No doubt when the women of the future have won large interests for themselves, such a spectacle as Mrs. Cameron presented when she saw two tweed-clad figures lounging up the path together will be impossible. Even nowadays the attempt to describe her feelings must fall far short of the reality, since few of this generation can grasp the mental position of the last, and Mrs. Cameron belonged to the generation before that. Of far better birth than many a farmer's wife who would be ashamed at being discovered engaged in household work, Mrs. Cameron would as a rule have gloried in what was to her the sole aim and object of woman's creation; but this was no ordinary occasion; how could that be one which necessitated clean muslin curtains at a time when clean muslin curtains should not be, a cake made after her mother's original recipe baking in the oven, and a bottle of her dead husband's very best Madeira waiting to be decanted on the sideboard?
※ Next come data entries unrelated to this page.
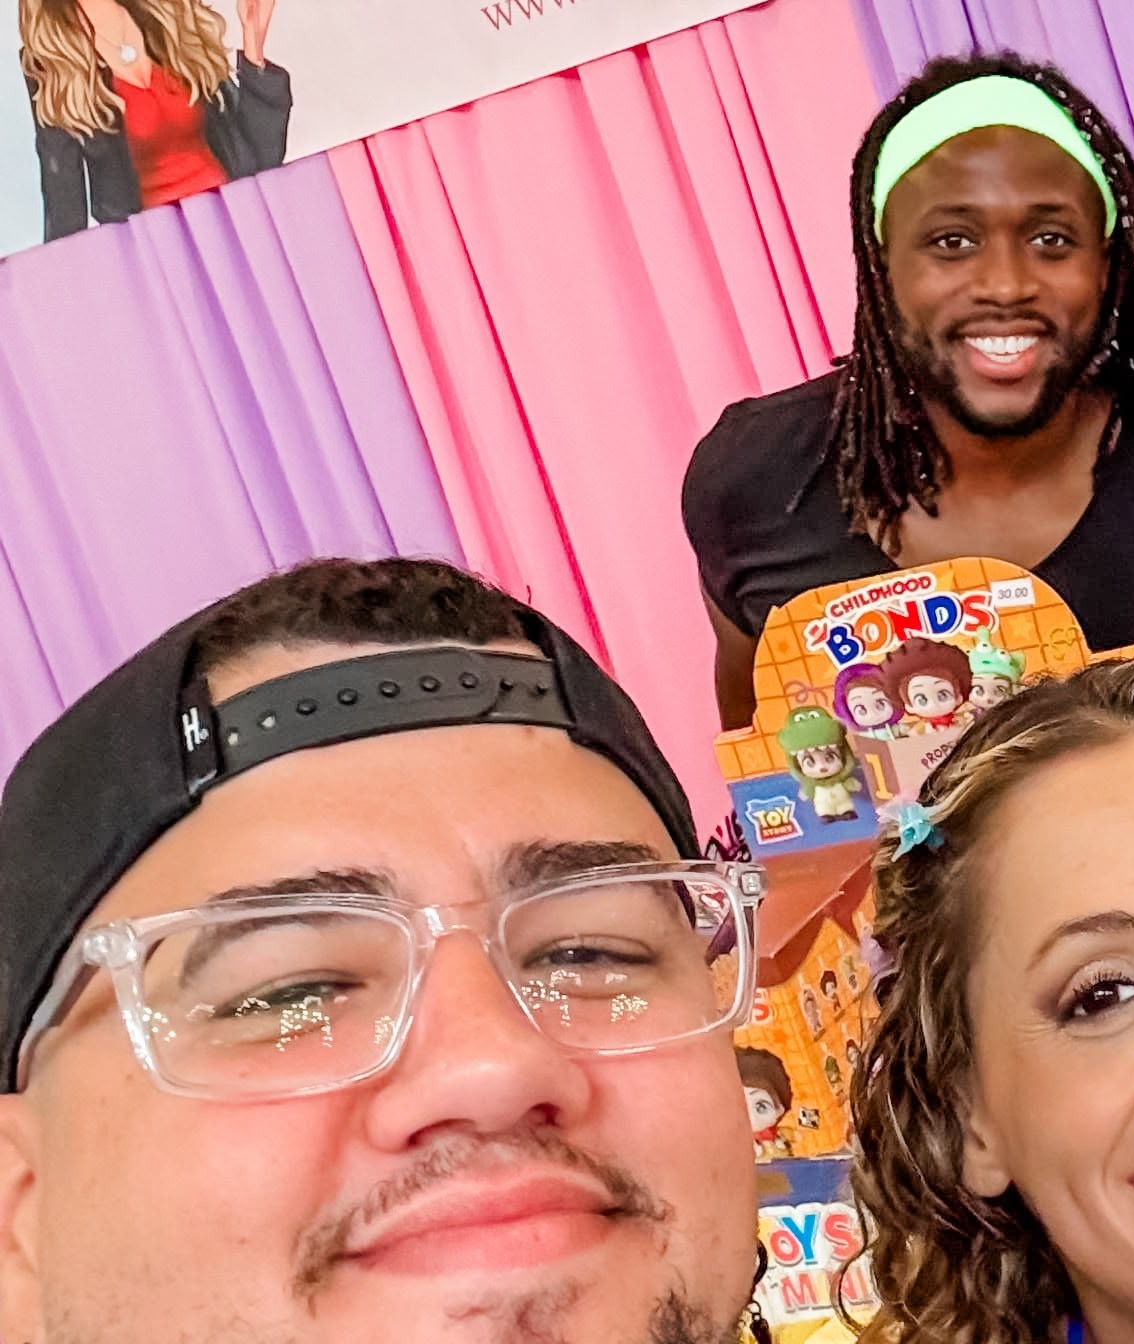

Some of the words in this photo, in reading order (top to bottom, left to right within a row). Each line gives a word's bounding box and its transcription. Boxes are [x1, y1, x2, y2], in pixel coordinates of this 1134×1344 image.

[829, 574, 934, 619] CHILDHOOD
[996, 586, 1030, 600] 30.00
[826, 594, 995, 666] BONDS
[754, 807, 792, 827] TOY
[764, 1212, 860, 1261] OYS
She stood transfixed on the steps, in the very act of running a tape through the stiffened hem of the curtain, an operation which in itself had reduced her patience to the lowest ebb; and then, after an instant's pause, her resentment found an outlet in one expressive epithet.
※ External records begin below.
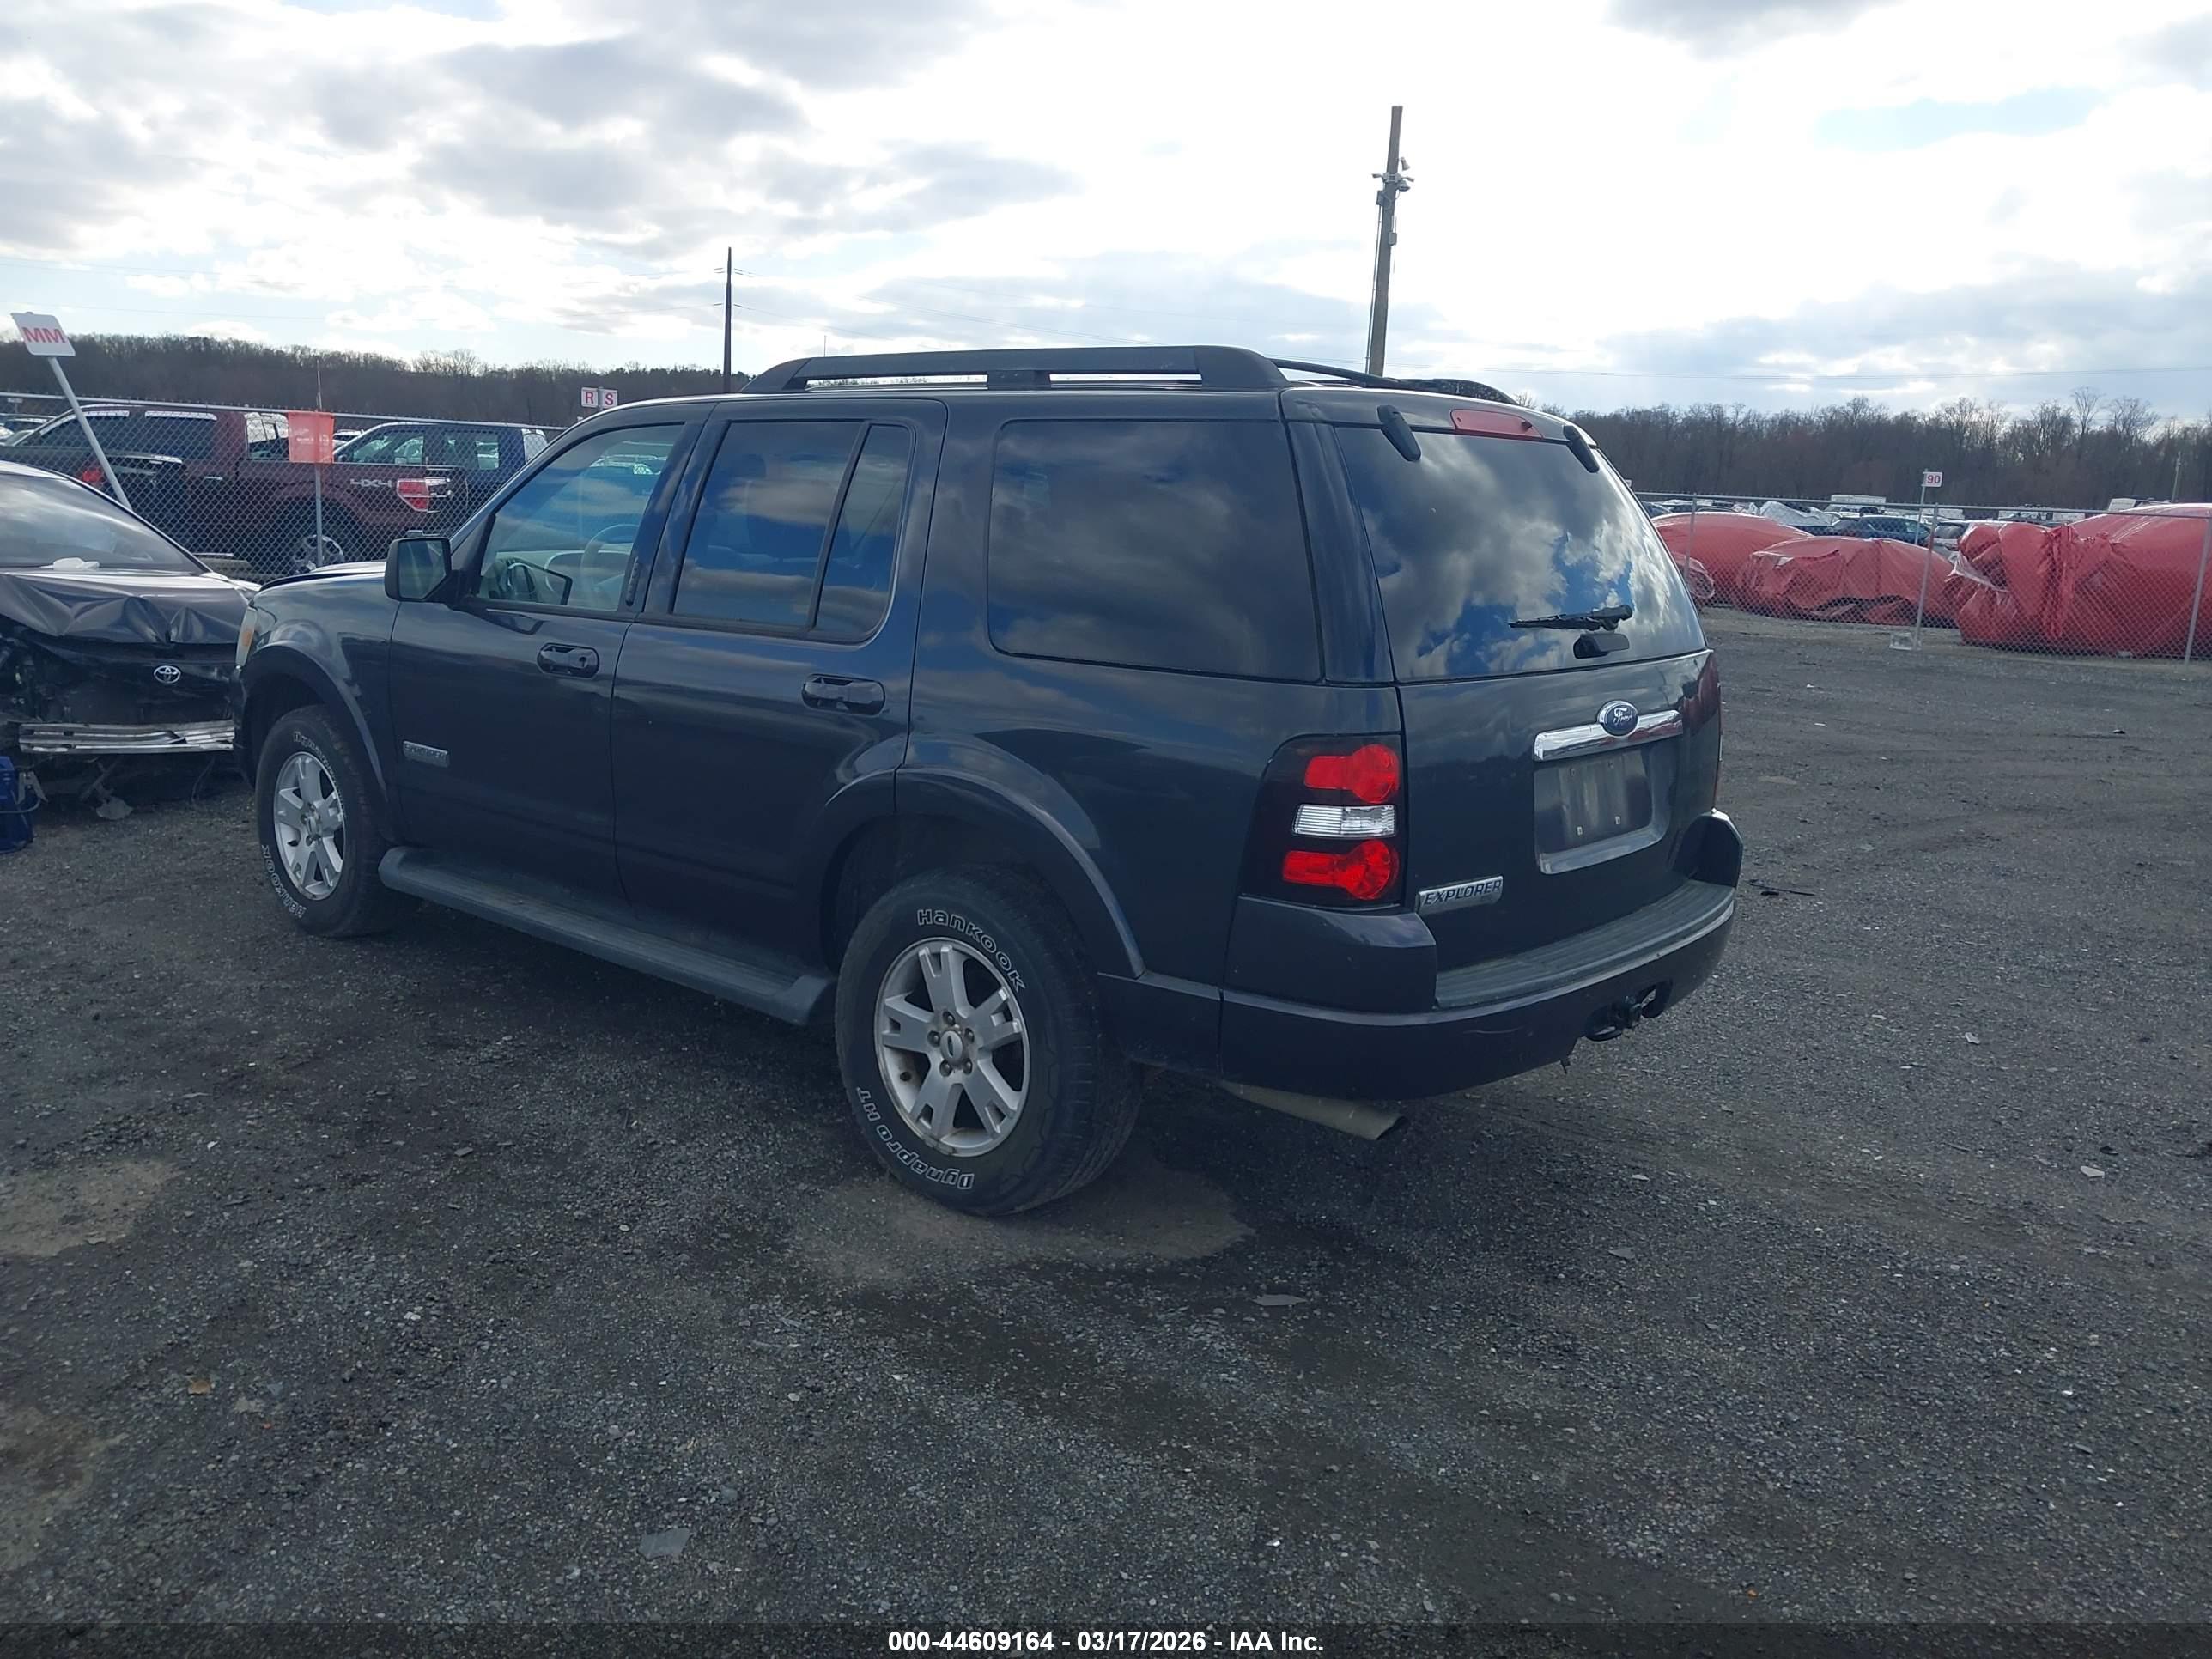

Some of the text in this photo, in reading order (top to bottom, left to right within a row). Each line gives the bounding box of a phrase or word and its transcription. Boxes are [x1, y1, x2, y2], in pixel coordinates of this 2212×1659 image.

[21, 327, 66, 343] MM
[586, 391, 594, 404] R
[605, 392, 614, 406] S
[1927, 474, 1941, 484] 90
[1613, 707, 1633, 726] Ford
[1423, 879, 1503, 906] EXPLORER
[856, 1086, 975, 1189] Dynapro HT
"The Gowk!" For it was Will's fault, of course; had not the lad been a perfect dispensation ever since he was born? (this being her favourite word for describing all the inevitable trials of her life). Besides, after the manner of most housewifely women, she always visited any failure in domestic arrangements on the head of the nearest male belonging to the family. No one but a man, no one but a man, sent to make _her_ life a burden, could have been guilty of such a disgraceful blunder, when a word, a hint, could have kept the laird from coming until the afternoon. The conviction brought a sort of martyred resignation with it, as she continued in a lower key, "and the parlour as bare as the loof o' my hand, save for the tea leaves on the drugget."